LE PRÉSIDENT DU TRIBUNAL

rend la présente

Ordonnance

 Antécédents du litige, procédure et conclusions des parties

1        Le requérant dans l’affaire T‑337/18 R et premier requérant dans l’affaire T‑347/18 R, Laboratoire Pareva (ci-après le « premier requérant »), est un fabricant de la substance chlorhydrate de polyhexaméthylène biguanide [ci-après « PHMB (1415; 4.7) »] dans l’Union européenne.

2        La seconde requérante dans l’affaire T‑347/18 R, Biotech3D Ltd & Co. KG (ci-après la « seconde requérante »), est une cliente du premier requérant qui utilise le PHMB (1415; 4.7) dans des formulations de produits biocides et des dispositifs destinés à être utilisés comme désinfectants et désodorisants dans l’Union.

3        Le 20 avril 2018, la Commission européenne a pris la décision d’exécution (UE) 2018/619 refusant l’approbation du PHMB (1415; 4.7) en tant que substance active existante destinée à être utilisée dans des produits biocides des types 1, 5 et 6 (JO 2018, L 102, p. 21 ; ci-après la « décision attaquée »).

4        Il résulte du considérant 2 de la décision attaquée que le PHMB (1415; 4.7) a été évalué aux fins de son utilisation dans les produits biocides des types 1 (hygiène humaine), 5 (eau potable) et 6 (protection des produits pendant le stockage).

5        Il ressort du considérant 3 de la décision attaquée que la République française a été désignée comme autorité compétente d’évaluation et qu’elle a soumis, le 13 décembre 2016, ses rapports d’évaluation assortis de recommandations.

6        Selon le considérant 4 de la décision attaquée, les avis de l’Agence européenne des produits chimiques (ECHA) ont été formulés le 4 octobre 2017 par le comité des produits biocides, qui a tenu compte des conclusions de l’autorité compétente d’évaluation.
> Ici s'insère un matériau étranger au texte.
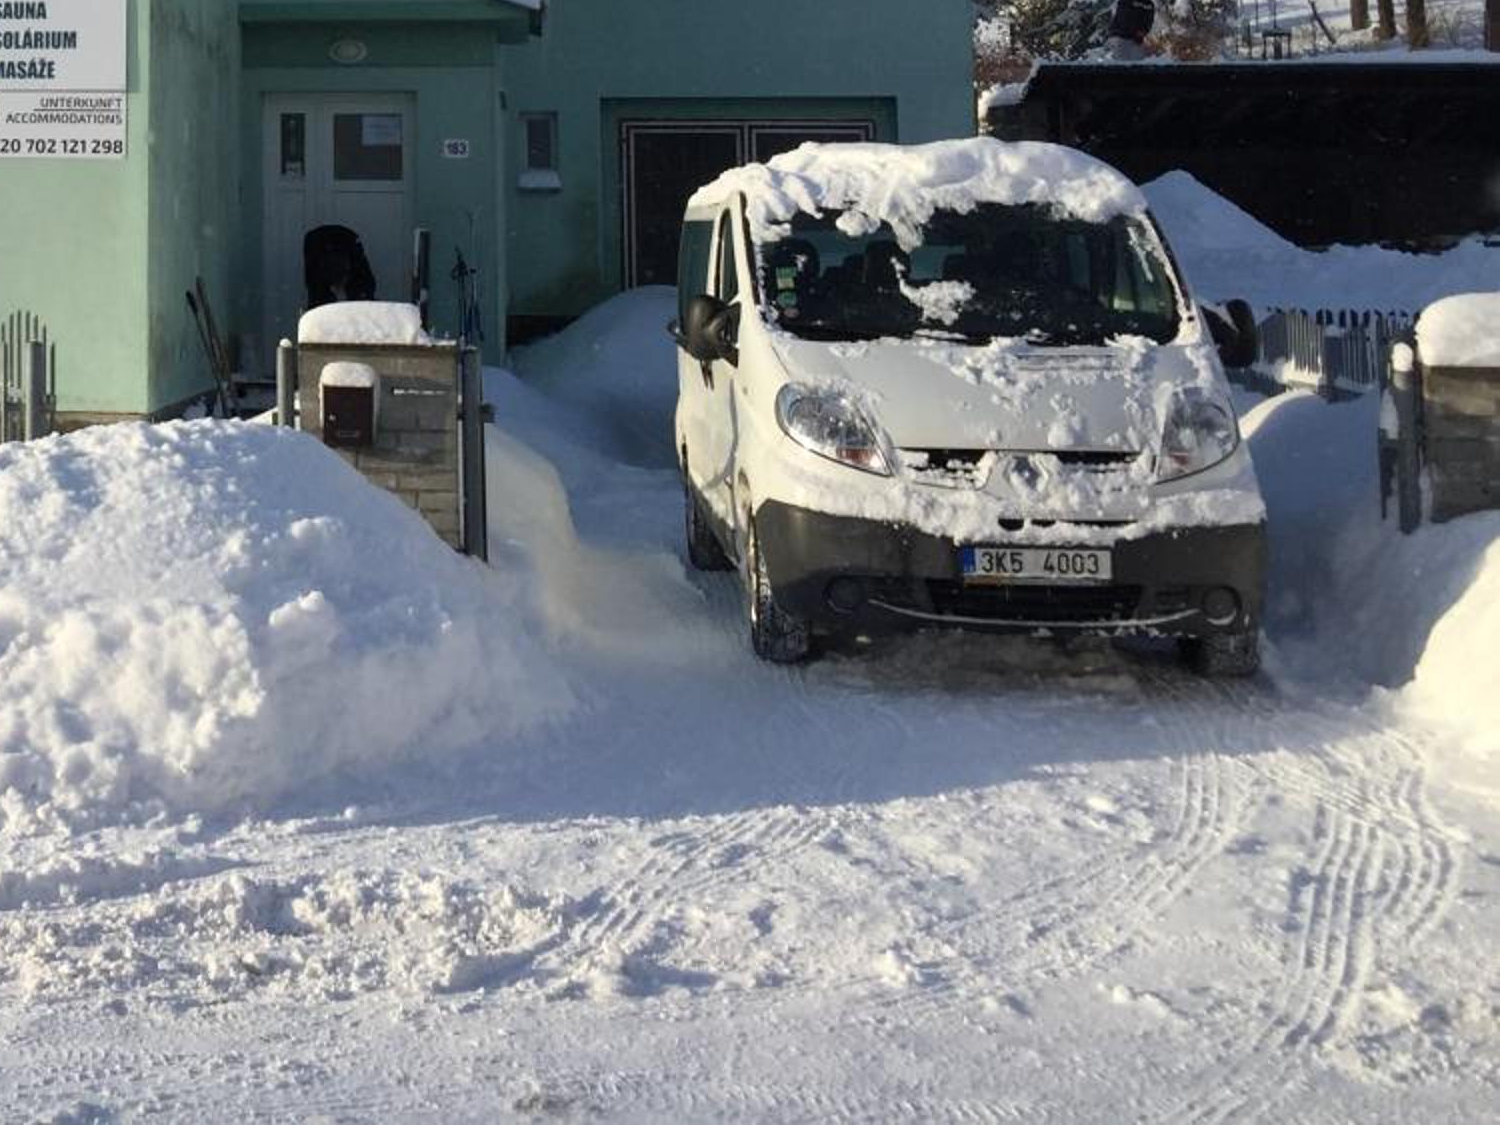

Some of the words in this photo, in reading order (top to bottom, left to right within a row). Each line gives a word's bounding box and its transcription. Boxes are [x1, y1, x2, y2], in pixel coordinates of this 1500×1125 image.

[40, 97, 123, 108] UNTERKUNFT
[5, 112, 123, 124] ACCOMMODATIONS
[26, 139, 57, 154] 702
[61, 139, 87, 154] 121
[91, 139, 123, 154] 298
[981, 551, 1023, 573] 3K5
[1043, 553, 1099, 574] 4003
7        Selon le considérant 5 de la décision attaquée, il ressort de ces avis que les produits biocides relevant des types 1, 5 et 6 contenant du PHMB (1415; 4.7) ne peuvent satisfaire aux critères énoncés à l’article 19, paragraphe 1, point b), du règlement (UE) no 528/2012 du Parlement européen et du Conseil, du 22 mai 2012, concernant la mise à disposition sur le marché et l’utilisation des produits biocides (JO 2012, L 167, p. 1). Pour ces types de produits, les scénarios examinés lors de l’évaluation des risques pour la santé humaine et pour l’environnement ont permis de détecter des risques inacceptables.
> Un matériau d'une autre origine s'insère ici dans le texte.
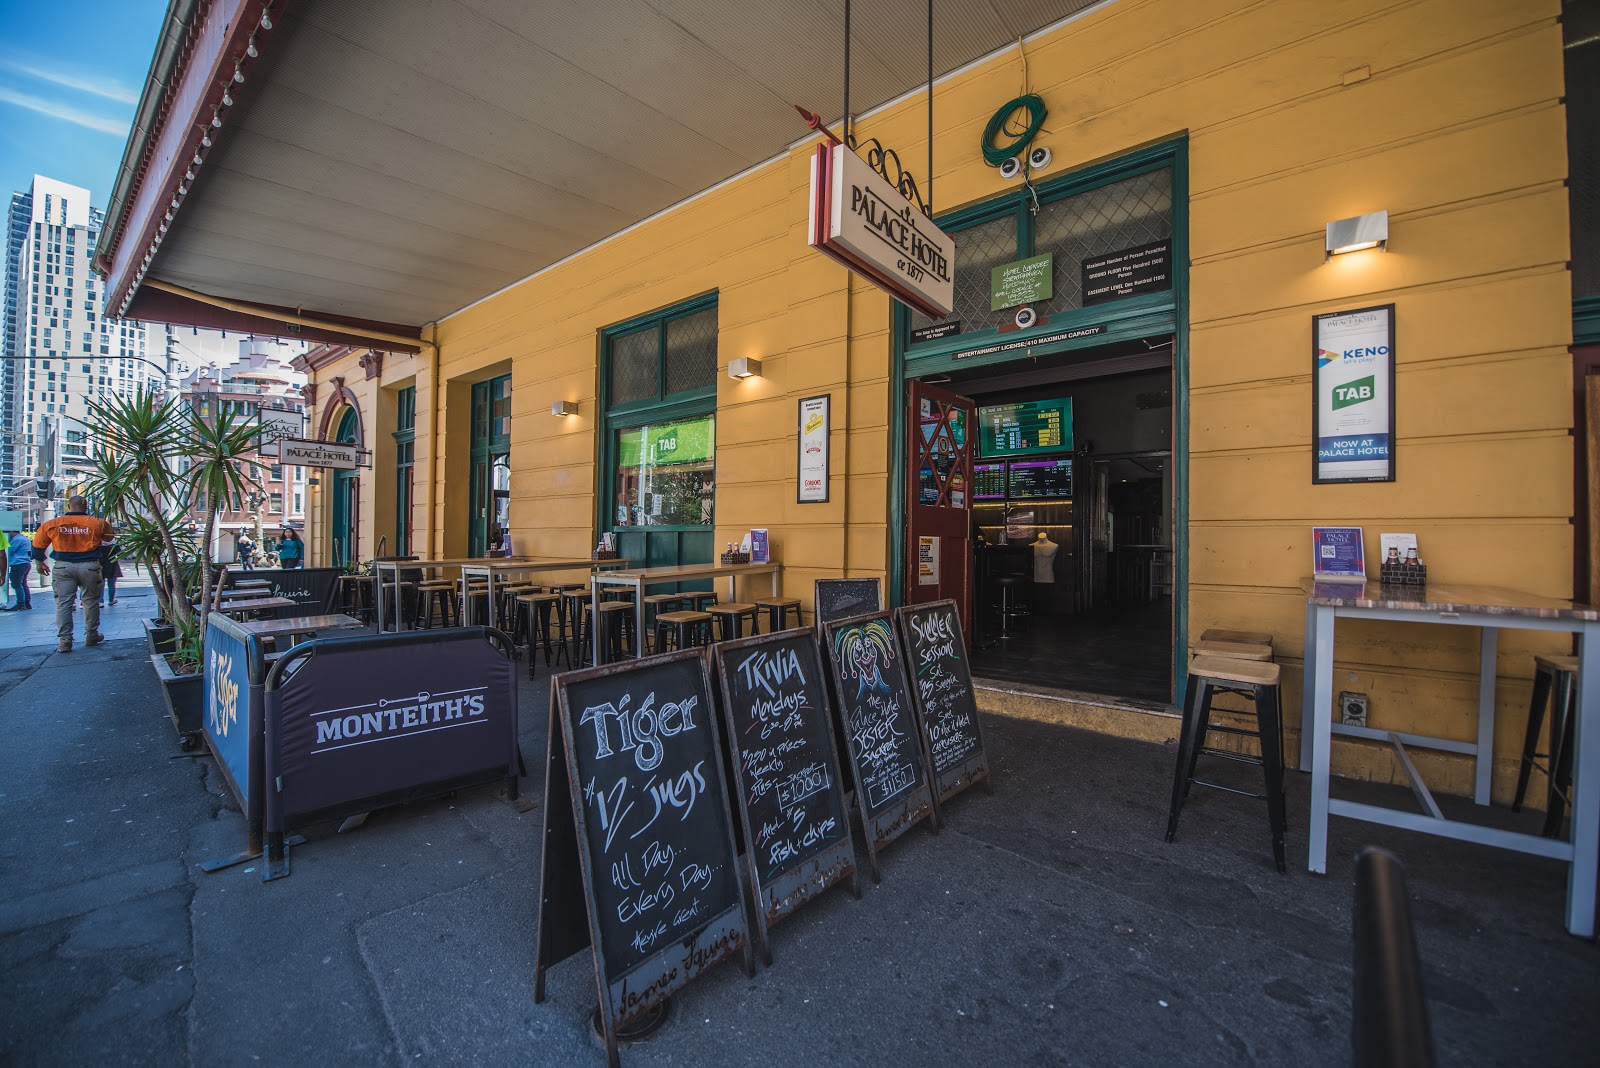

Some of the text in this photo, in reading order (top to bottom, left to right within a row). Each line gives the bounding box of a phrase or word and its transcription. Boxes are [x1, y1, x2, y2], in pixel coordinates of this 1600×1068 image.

[852, 184, 951, 283] PALACE HOTEL
[1086, 261, 1106, 270] Maximum
[1106, 256, 1123, 265] Number
[1145, 246, 1167, 256] Permitted
[907, 261, 924, 283] 1877
[1089, 271, 1107, 280] GROUND
[1107, 267, 1122, 276] FLOOR
[1122, 265, 1132, 273] Five
[1132, 260, 1151, 270] Hundred
[1117, 271, 1132, 279] Person
[1087, 287, 1110, 296] BASEMENT
[1110, 283, 1124, 291] LEVEL
[1134, 277, 1153, 286] Hundred
[957, 346, 1001, 359] ENTERTAINMENT
[1028, 338, 1037, 347] 410
[1038, 334, 1067, 345] MAXIMUM
[1068, 326, 1100, 340] CAPACITY
[1343, 346, 1389, 359] KENO
[1336, 386, 1371, 401] TAB
[658, 437, 677, 451] TAB
[1318, 447, 1389, 458] PALACE HOTEL
[1333, 439, 1374, 449] NOW AT
[287, 449, 353, 462] PALACE HOTEL
[217, 652, 239, 738] Tiger
[866, 692, 883, 710] The
[316, 694, 485, 744] MONTEITH'S
[580, 691, 698, 771] Tiger
[781, 772, 822, 803] $1000
[611, 852, 642, 890] All
[617, 880, 676, 923] Every
8        Conformément à l’article 1er de la décision attaquée, le PHMB (1415; 4.7) n’est pas approuvé en tant que substance active destinée à être utilisée dans des produits biocides appartenant aux types 1, 5 et 6.

9        Le même jour, à savoir le 20 avril 2018, la Commission a adopté le règlement d’exécution (UE) 2018/613 approuvant le PHMB (1415; 4.7) en tant que substance active existante destinée à être utilisée dans les produits biocides relevant des types de produits 2 et 4 (JO 2018, L 102, p. 1 ; ci-après le « règlement attaqué »).

10      Il résulte du considérant 2 du règlement attaqué que le PHMB (1415; 4.7) a été évalué en vue de son utilisation dans les produits du type 2 (désinfectants et produits algicides non destinés à l’application directe sur des êtres humains ou des animaux) et du type 4 (désinfectants pour les surfaces en contact avec les denrées alimentaires et les aliments pour animaux).

11      Selon les considérants 4 et 7 du règlement attaqué, les avis de l’ECHA, formulés le 4 octobre 2017 par son comité des produits biocides, aboutissent à la conclusion que le PHMB (1415; 4.7) remplit les critères des substances très persistantes (vP) et toxiques (T) et doit être considéré comme une substance dont la substitution est envisagée.

12      Conformément à l’article 1er du règlement attaqué, le PHMB (1415; 4.7) est approuvé en tant que substance active destinée à être utilisée dans des produits biocides relevant des types 2 et 4, sous réserve des spécifications et des conditions énoncées à l’annexe dudit règlement. Il résulte des dispositions de cette annexe que les autorisations des produits biocides relevant des types 2 et 4 sont assorties de plusieurs conditions et que la personne responsable de la mise sur le marché d’un article qui a été traité avec du PHMB (1415; 4.7) ou auquel cette substance a été incorporé veille à un étiquetage conforme à l’article 58, paragraphe 3, deuxième alinéa, du règlement no 528/2012.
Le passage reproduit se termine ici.